■ What is needed ■
Without including any picture, repeat the records below exactly.

Free-text object descriptions:
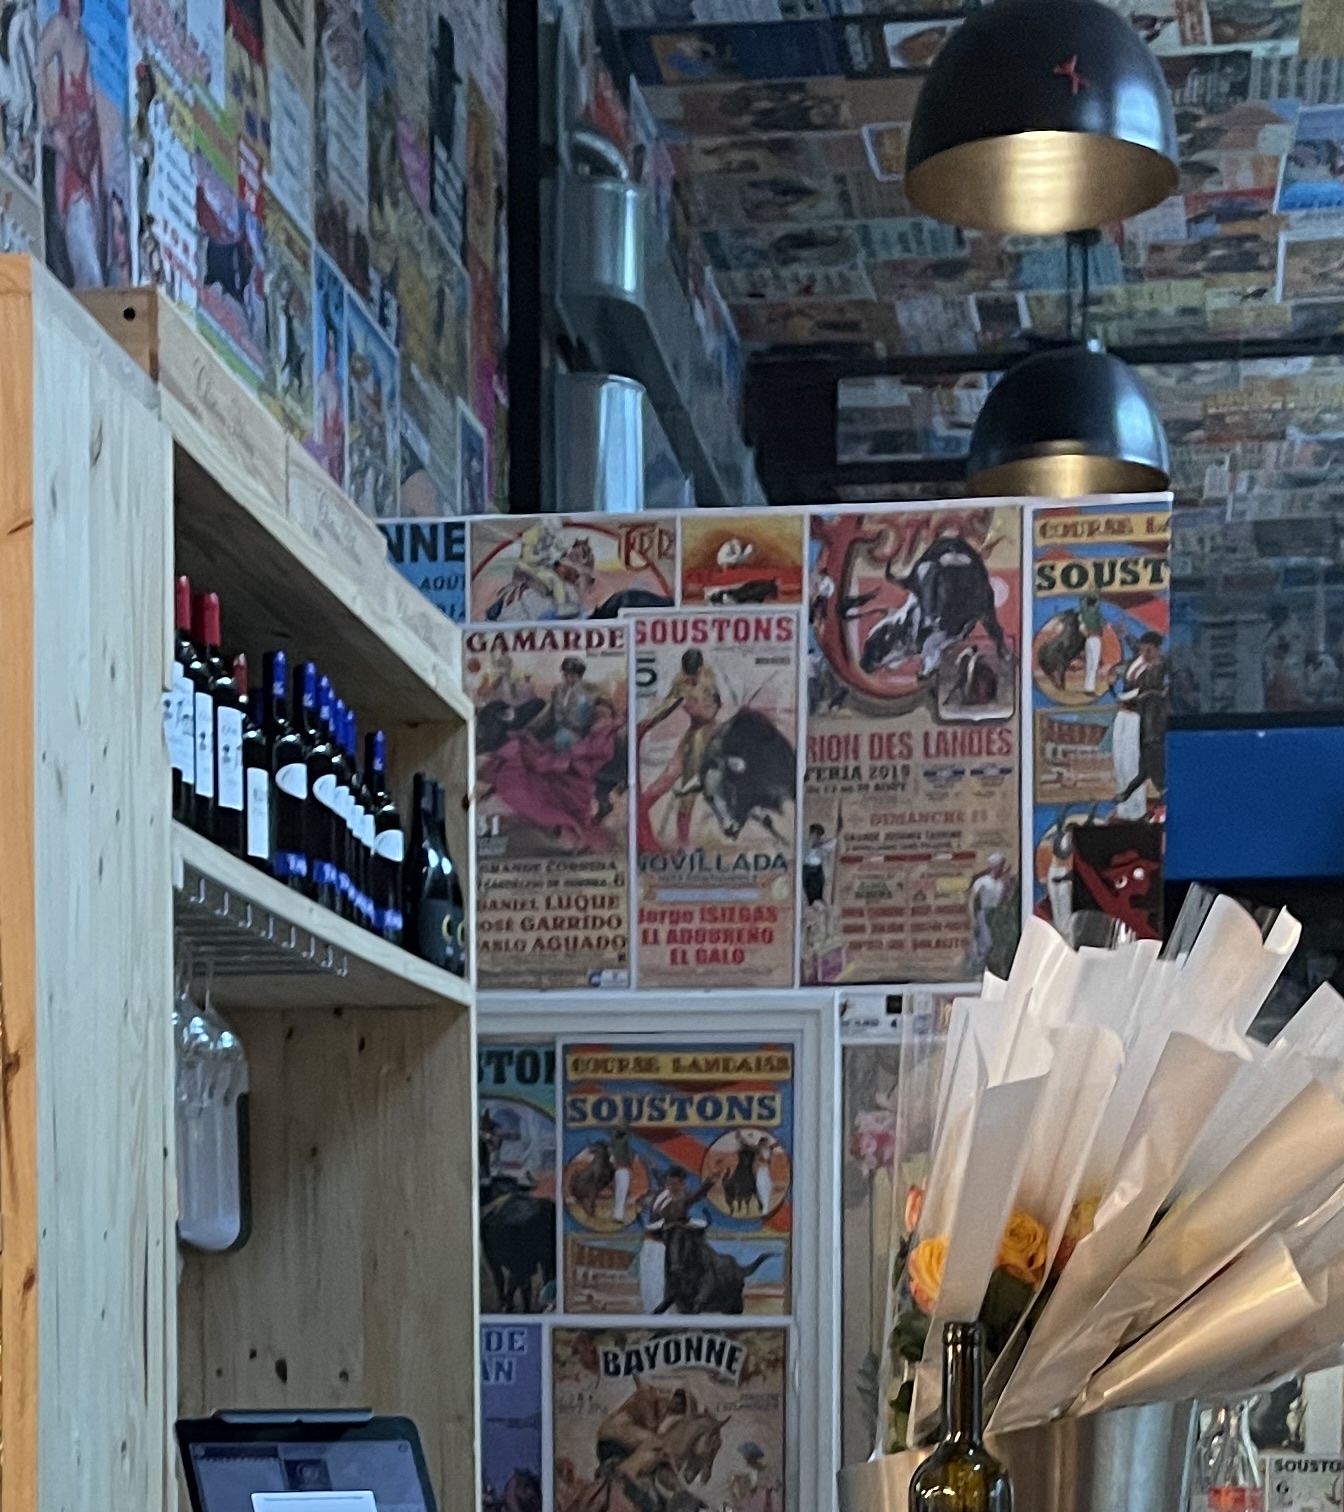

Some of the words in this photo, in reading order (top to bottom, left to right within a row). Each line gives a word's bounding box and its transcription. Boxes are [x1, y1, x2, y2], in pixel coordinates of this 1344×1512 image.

[465, 627, 626, 653] GAMARDE
[635, 616, 795, 646] SOUSTONS
[869, 730, 913, 761] DES
[922, 728, 1013, 759] LANDES
[544, 894, 620, 912] LUQUE
[520, 914, 623, 932] GARRIDO
[571, 1055, 660, 1076] COURSE
[672, 1053, 791, 1074] LANDAISE
[567, 1094, 778, 1124] SOUSTONS
[601, 1332, 746, 1378] BAYONNE

■ Output of the exercise ■
Some of the words in this photo, in reading order (top to bottom, left to right within a row). Each line gives a word's bounding box and its transcription. Boxes are [x1, y1, x2, y2], in pixel coordinates of this 1344×1512 image.

[465, 627, 626, 653] GAMARDE
[635, 616, 795, 646] SOUSTONS
[869, 730, 913, 761] DES
[922, 728, 1013, 759] LANDES
[544, 894, 620, 912] LUQUE
[520, 914, 623, 932] GARRIDO
[571, 1055, 660, 1076] COURSE
[672, 1053, 791, 1074] LANDAISE
[567, 1094, 778, 1124] SOUSTONS
[601, 1332, 746, 1378] BAYONNE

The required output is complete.